Among children of preschool age, asthma has long ceased to be considered a rare pathology. Along with many other manifestations of allergy, it can occur even in a child aged 3-5 years. However, after the start of schooling, the course of asthma can worsen, more often there are attacks of shortness of breath, episodes of shortness of breath and agonizing cough, which is associated with many factors. Therefore, preliminary preparation for the start of school education is important, which needs to be started now, although there is still plenty of time until autumn.
Bronchial asthma: a serious problem for children
According to experts, asthma is one of the most common diseases of the respiratory tract in children. It affects, by some estimates, up to 5% of children under the age of 15 years. Children with asthma have chronic inflammation, swelling of the mucous membranes and excessive sensitivity of the respiratory tract, leading to episodes of shortness of breath. Although today there is no reliably effective treatment of bronchial asthma that would completely eliminate all manifestations, it can be effectively controlled. When bronchial asthma is under good control, inflammation and airway obstruction are reduced, breathing returns to normal. Since the child spends most of his day at school, it is important that the teachers and medical staff of the school have an idea of the child’s illness and can help in case of a coughing fit or the formation of severe shortness of breath. If a child learns how to fully manage the disease, it will allow him to go to school on an equal basis with other children.

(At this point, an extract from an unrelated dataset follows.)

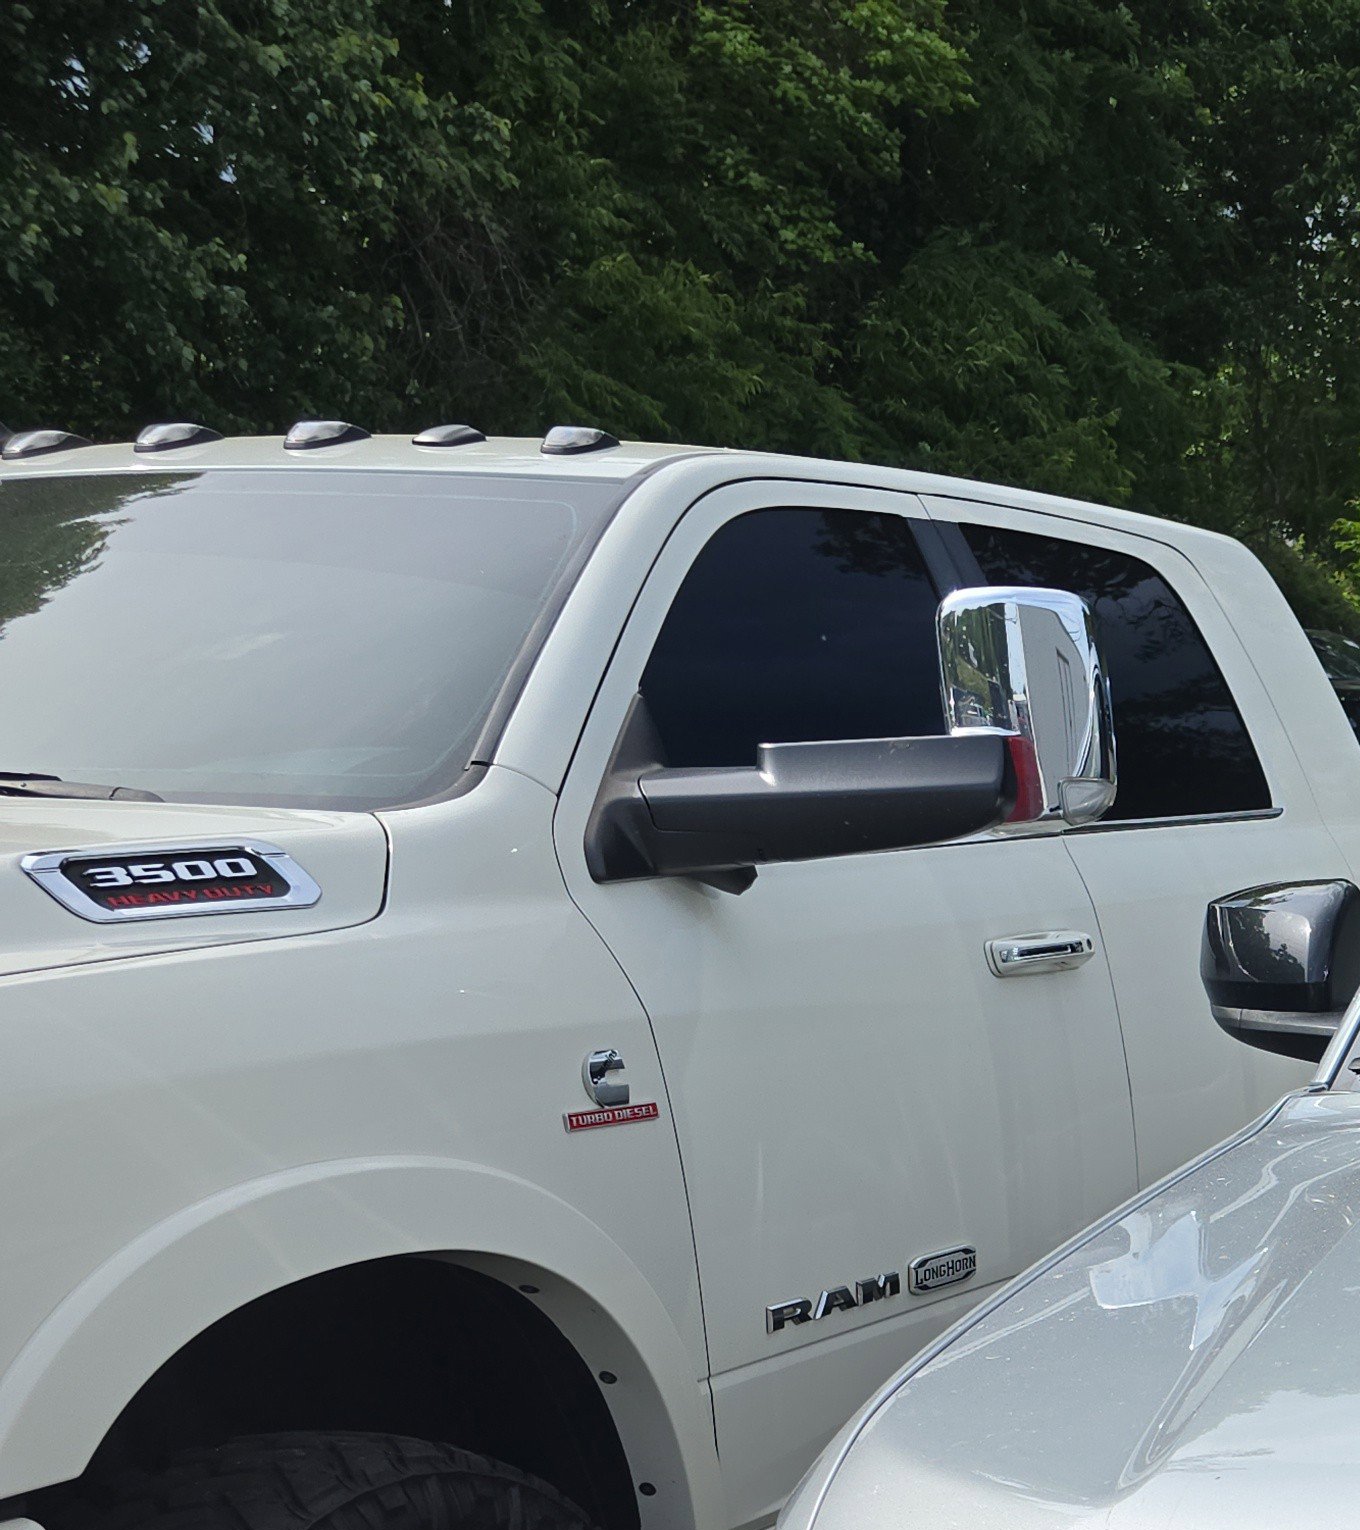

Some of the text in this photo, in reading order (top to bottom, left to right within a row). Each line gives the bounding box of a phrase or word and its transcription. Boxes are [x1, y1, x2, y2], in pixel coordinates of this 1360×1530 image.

[84, 858, 258, 887] 3500
[107, 884, 274, 909] HEAVY DUTY
[570, 1106, 657, 1126] TURBO DIESEL
[766, 1272, 900, 1334] RAM

What worsens asthma: exacerbation of allergies
Triggers (provocateurs) of asthma are those influences that worsen the course of bronchial asthma immediately, immediately or slowly over time. Not every child has asthma associated with allergies, there are other triggers. If it is an allergy, you should avoid contact with allergens that provoke attacks of cough or severe shortness of breath, they should be controlled in the school environment. Major triggers that can aggravate asthma include physical stimuli (for example, smoke and hot dry air), allergens (for example, animal dander, grass and tree pollen), exercise, infections, weather changes, and emotions.

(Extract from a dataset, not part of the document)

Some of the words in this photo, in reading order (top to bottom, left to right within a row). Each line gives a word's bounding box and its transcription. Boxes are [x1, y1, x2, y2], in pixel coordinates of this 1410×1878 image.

Symptoms of asthma: cough and breathing disorders
Early signs and symptoms, such as coughing, wheezing, or increased respiration, are signs that a child has an asthma attack. Monitoring external signs and symptoms of asthma, controlling cough is very important for managing asthma in school. Signs and symptoms are the sensations that the child himself feels or that adults may notice when asthma worsens, and airway obstruction occurs. Common symptoms that require attention include wheezing, coughing, shortness of breath, and chest tightness.
Breathing monitoring: peak fluometry
In addition to observing the symptoms of asthma, child with school-age asthma, you can monitor your breathing at school with a picfluometer . This portable instrument measures the flow of air during forced expiration in liters per minute. Monitoring peak flow can help determine the onset of an asthma attack, often before the onset of symptoms in a child. To evaluate the breath, the results are distributed according to the colors of the traffic light. They can help the child and school professionals make decisions about the use of drugs and ease breathing.
Asthma drugs for a child in school
All the medicines that a child takes to treat asthma are divided into two groups: long-acting drugs and fast-acting drugs. Some fast-acting drugs (usually those delivered with an inhaler) act quickly, they are aimed at relaxing the muscles around the respiratory tract. They are used to relieve asthma symptoms, due to them wheezing and shortness of breath are eliminated, cough is suppressed.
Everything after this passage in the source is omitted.